Call it midichlorians and a mini-convergence of the force. I don’t care. But, the fact is that I experience fun coincidences all of the time. Wrox Press steamroller and publishing friend, Jim Minatel, had posted a comment to my blog. Meanwhile, I had responded to an internal discussion thread about ZIP/UnZIP functions where I mentioned the SharpZipLib offered up by the SharpDevelop crew who have a Wrox Press title. Cool.

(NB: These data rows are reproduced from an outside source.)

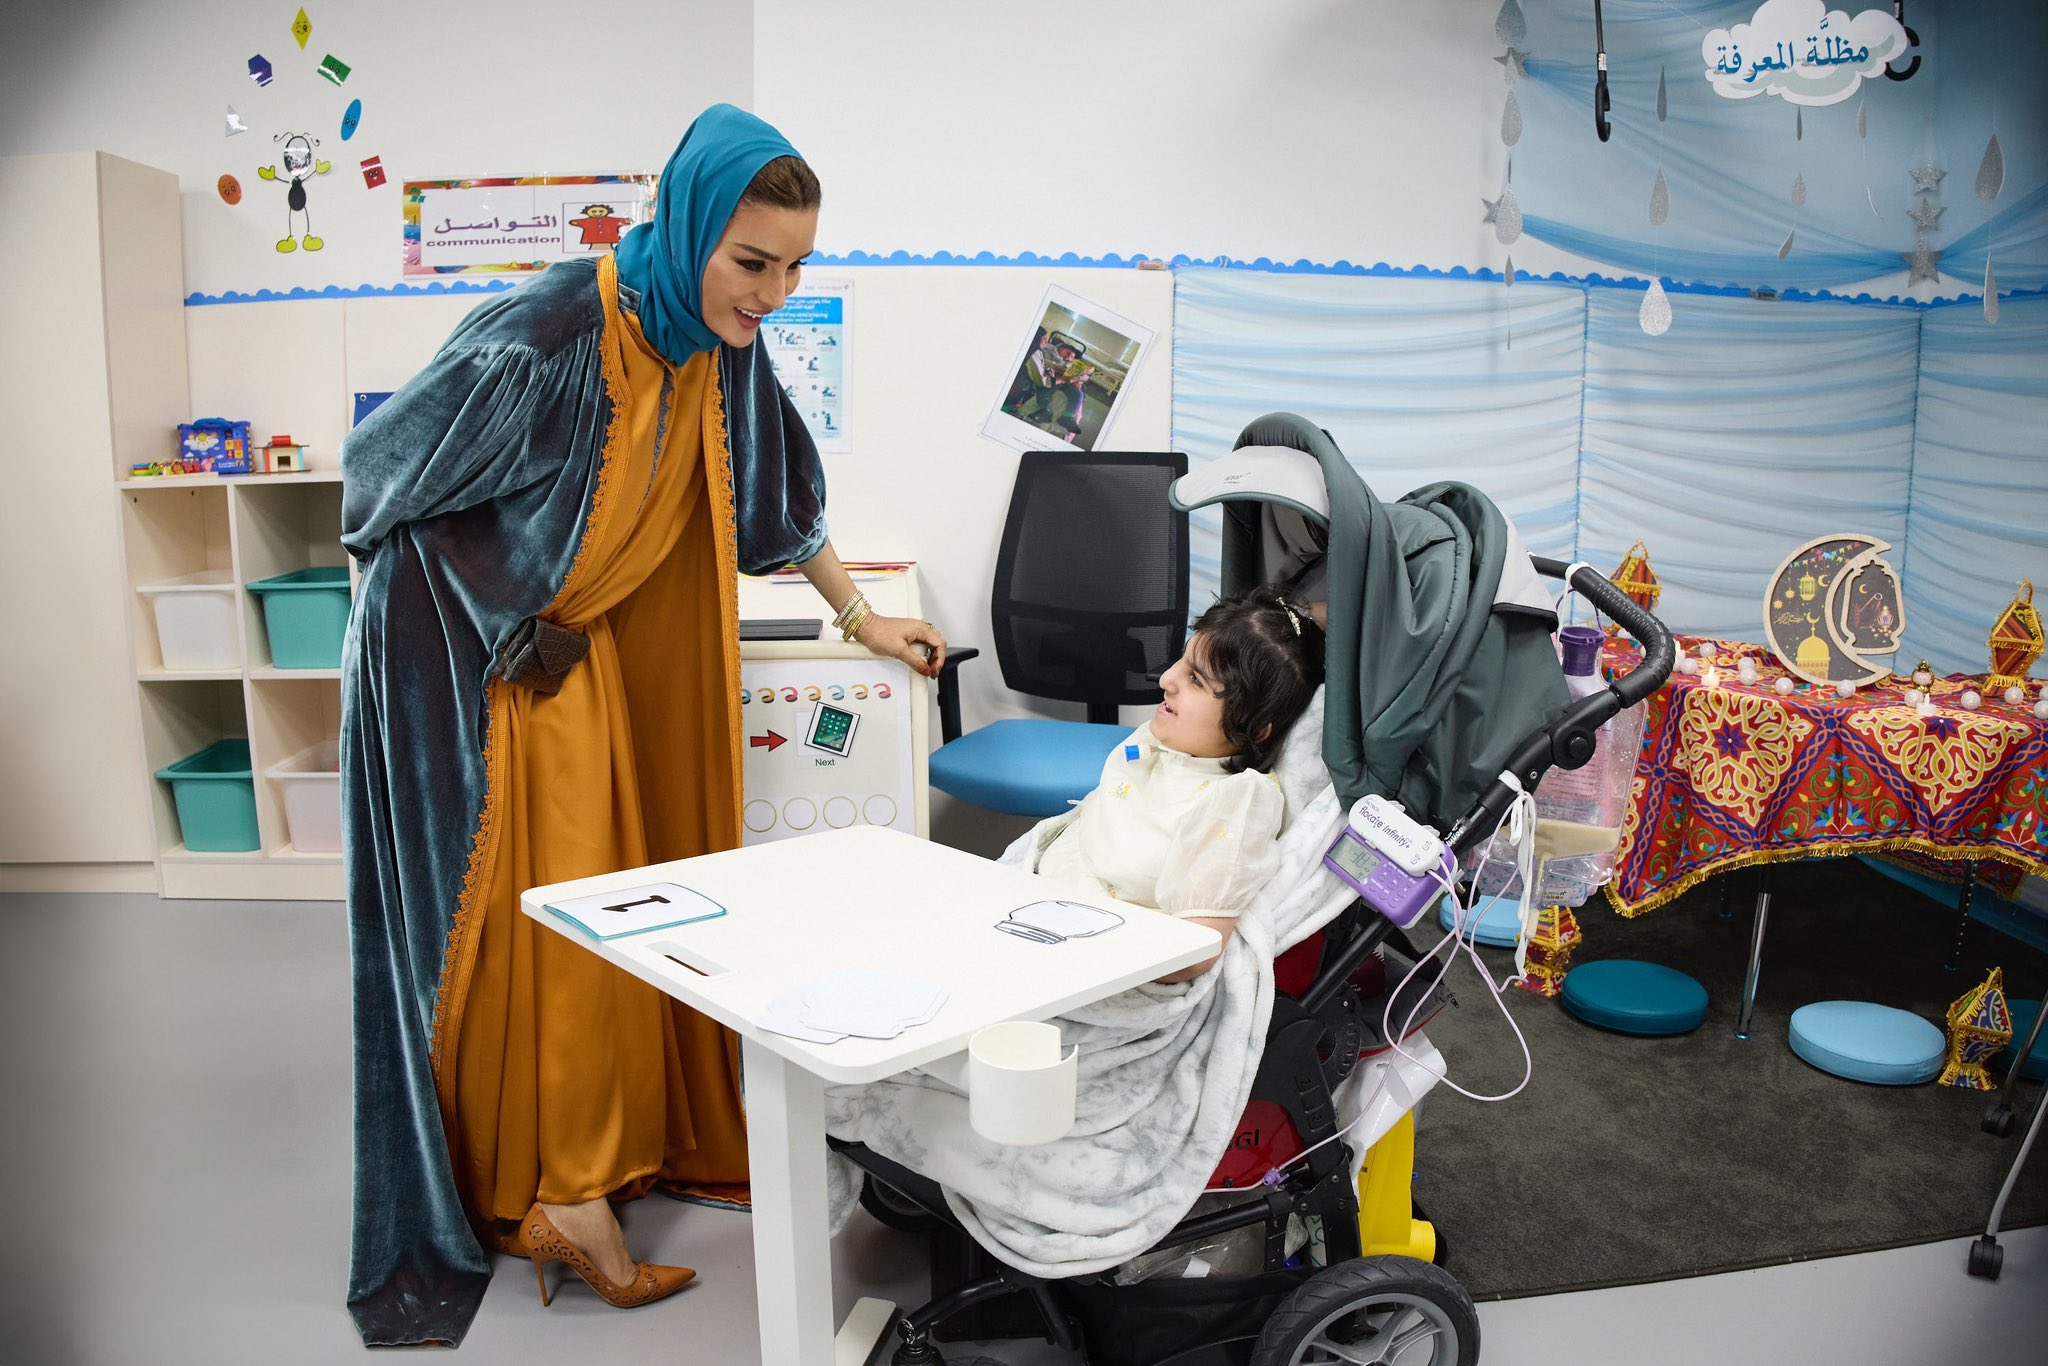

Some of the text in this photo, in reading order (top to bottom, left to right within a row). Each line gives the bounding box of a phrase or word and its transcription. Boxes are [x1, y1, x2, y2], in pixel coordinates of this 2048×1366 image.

[1717, 41, 1795, 83] المعرفة
[434, 214, 557, 234] التواصل
[426, 236, 561, 247] communication
[815, 758, 836, 767] Next
[601, 894, 671, 912] 1

Anders must have had Anakin-level midichlorians when he sketched out the LINQ initiative. LINQ could become the uber-ODBC for data of nearly any kind. Yesterday, at our all-hands meeting for the developer division he did a runthrough of his PDC presentation and demos about LINQ. I’ve seen it before, but it still amazes me. Plus, Anders added some jokes that only our division could fully appreciate. Anders is hyper-smart, but he is a great communicator too. The great thing is that any building here is filled with a lot of people who are like Anders. The fact that he is a stand-out in this crowd makes him all the more impressive.

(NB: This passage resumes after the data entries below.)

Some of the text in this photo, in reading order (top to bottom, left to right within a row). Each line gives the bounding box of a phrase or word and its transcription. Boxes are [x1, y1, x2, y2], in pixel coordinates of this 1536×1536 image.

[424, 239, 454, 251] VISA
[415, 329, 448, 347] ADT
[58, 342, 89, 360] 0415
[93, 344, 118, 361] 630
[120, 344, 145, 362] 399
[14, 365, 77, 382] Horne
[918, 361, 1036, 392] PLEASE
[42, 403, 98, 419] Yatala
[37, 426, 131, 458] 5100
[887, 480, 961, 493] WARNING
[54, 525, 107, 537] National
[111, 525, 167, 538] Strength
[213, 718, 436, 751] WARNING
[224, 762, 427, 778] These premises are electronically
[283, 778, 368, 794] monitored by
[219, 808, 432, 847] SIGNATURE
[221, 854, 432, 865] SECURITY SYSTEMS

But, all of that doesn’t mean much if we cannot produce what customers want. For all of the complexity that Anders can discern, he conceives things that are so simple and straightforward. LINQ is the best example. Whatever we’re paying him, let’s keep his direct-deposit going.

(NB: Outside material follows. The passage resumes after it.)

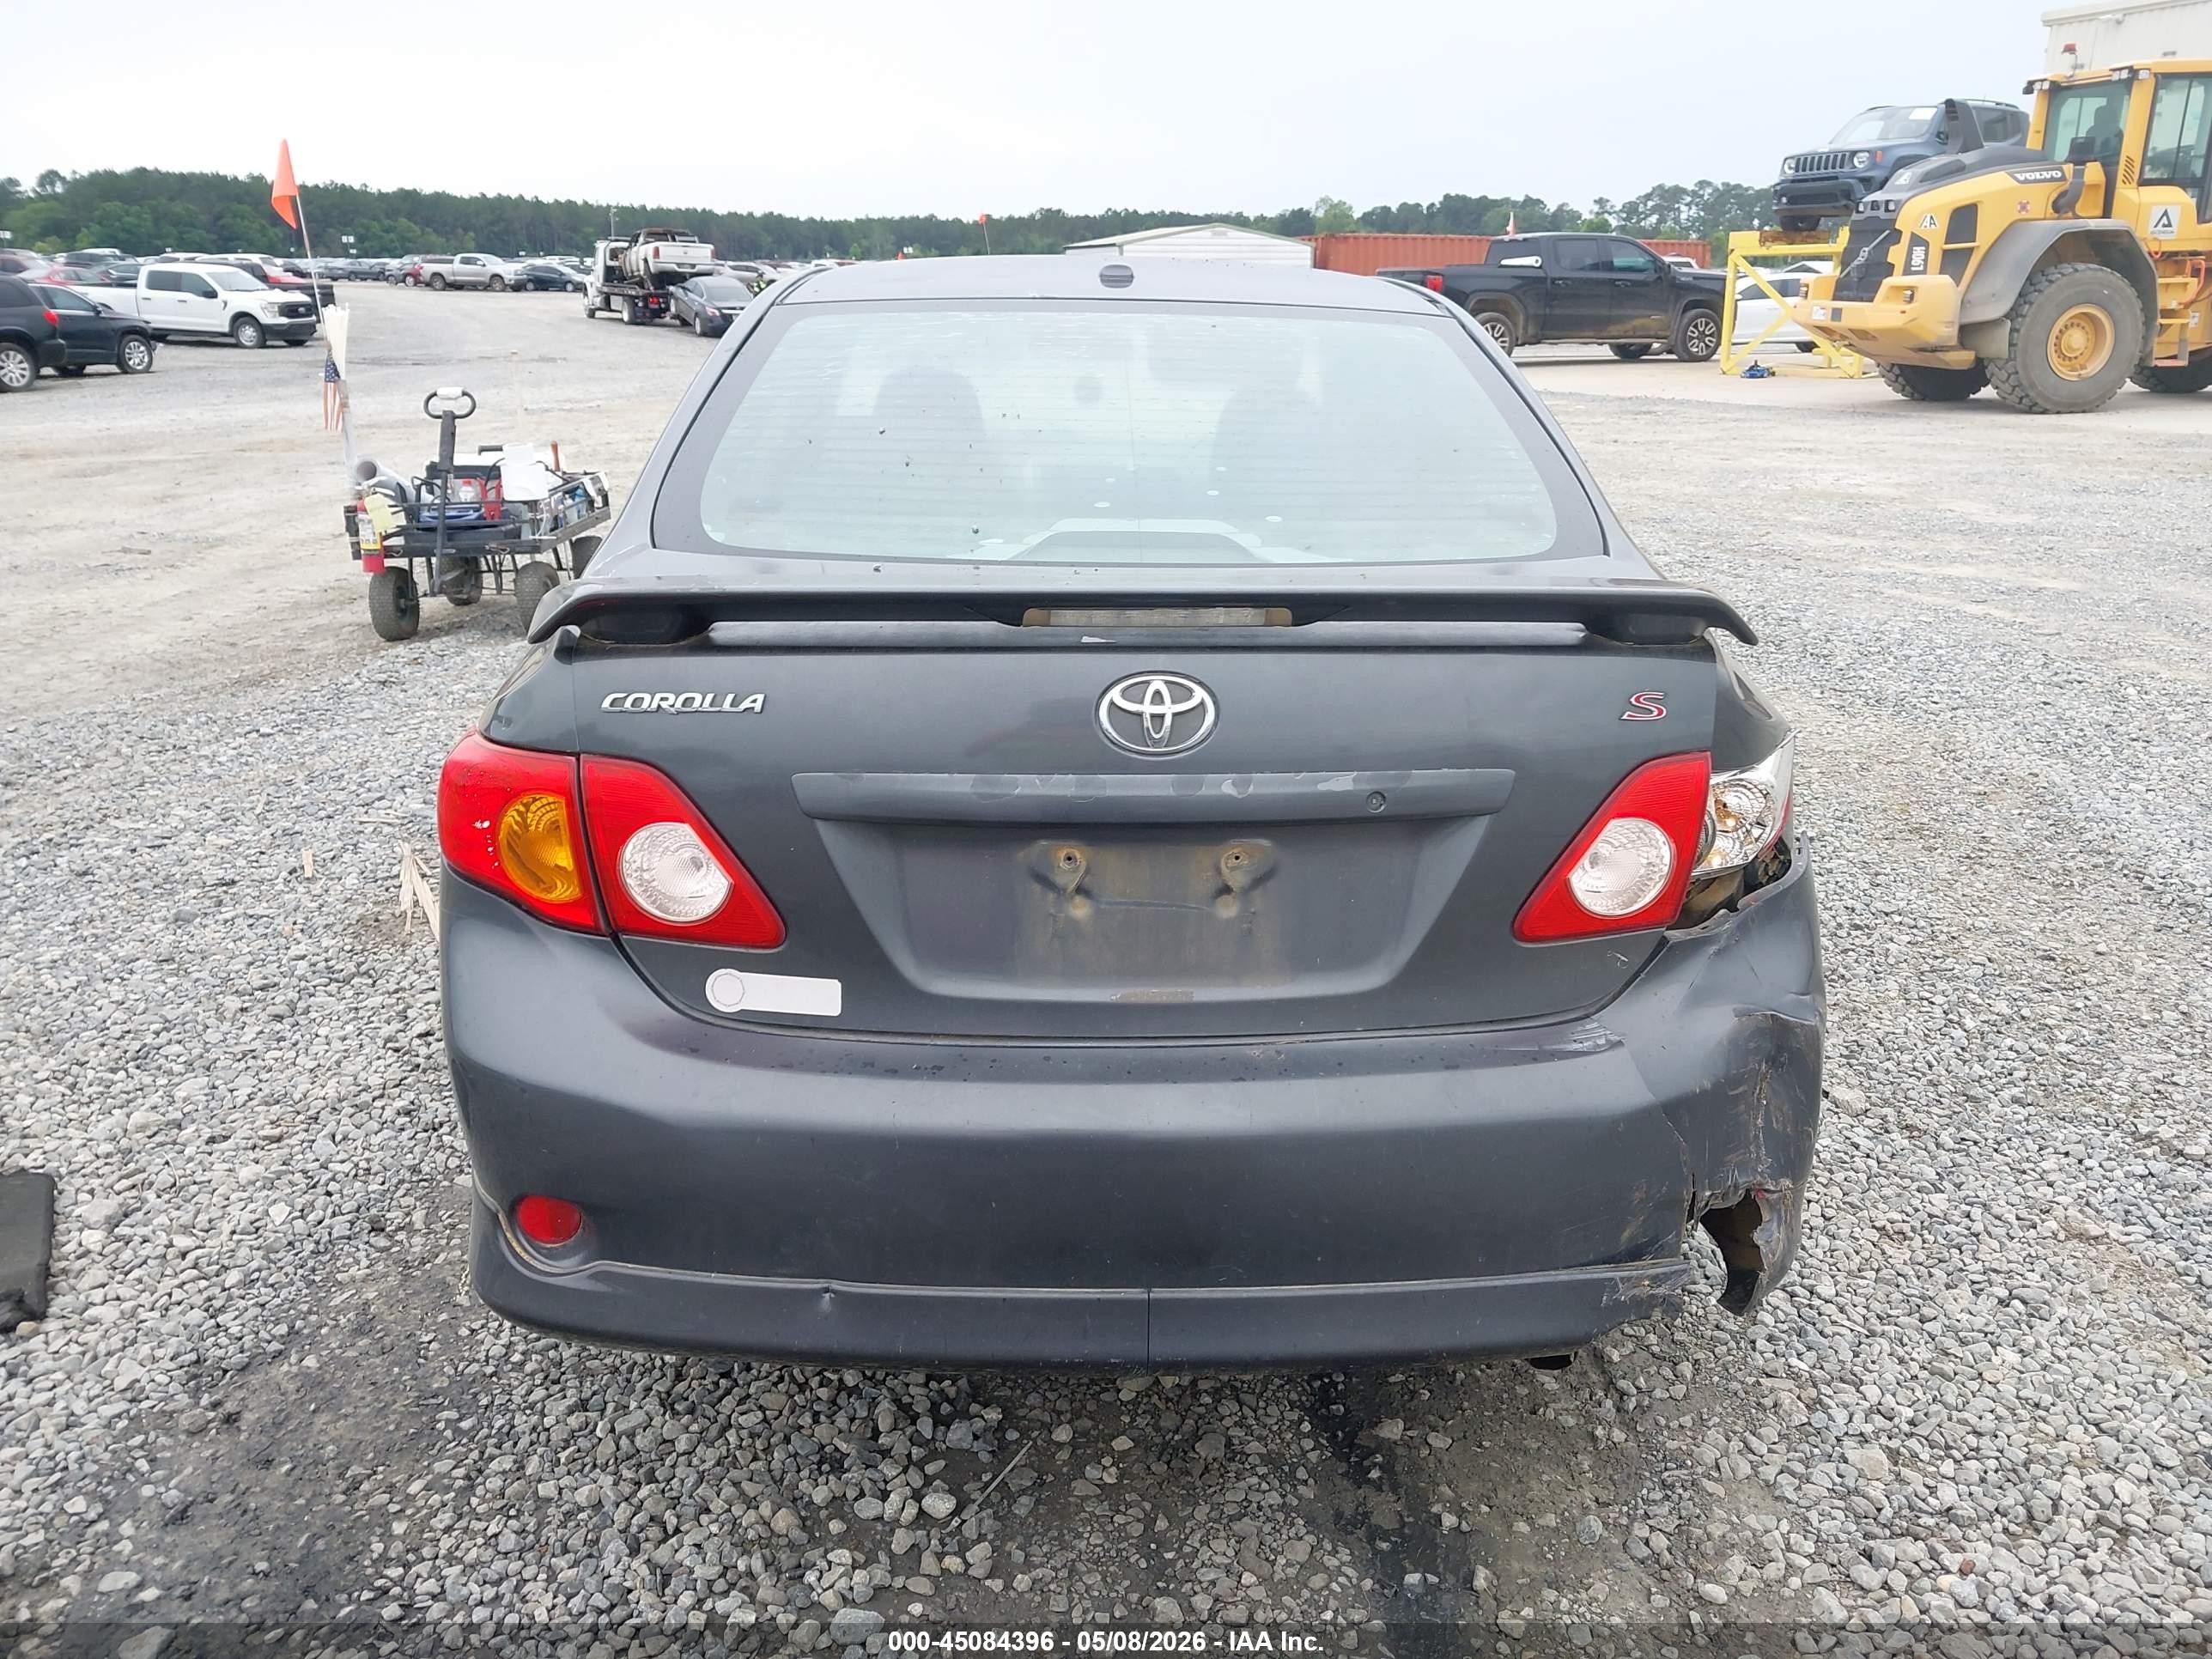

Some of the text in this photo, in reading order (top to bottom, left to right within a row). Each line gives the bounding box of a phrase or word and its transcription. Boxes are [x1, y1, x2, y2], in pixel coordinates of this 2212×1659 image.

[2014, 170, 2063, 181] VOLVO
[1911, 246, 1926, 271] L90H
[601, 692, 766, 714] COROLLA
[1620, 690, 1668, 721] S

I have a ton of ideas around WordProcessingML and LINQ. Now, all I need is a VS 2005 RTM-compatible version of the LINQ preview, and I’m in business. Patric Johansson makes a good point about Oracle and the embedding of the LINQ provider right into the db query engine, although, I disagree with him in that LINQ has less to do with db engines and more to do with language compilers. Nonetheless, this is where the LINQ-ODBC analogy comes back into relevance. I predict that other languages and query engines will be compelled to get on board with our LINQ initiative because of the pervasive impact it will make.
Rock Thought for the Day: I like Three Days Grace’s self-titled album. Melodic and heavy. I appreciate that the vocals are fairly straight-forward. This is where Godsmack occasionally falters: the vocals sound too much like the singer from Crash Test Dummies (early 90’s in case you have gratefully forgotten!). For my part, my voice is losing its quality. One of the effects of my accident in addition to the partial loss of vision in my left eye is a nagging cough (doc thinks its acid reflux from a potential ulcer) and a voice that no longer holds vibrato as it once did. I may sound like Celtic Frost after all.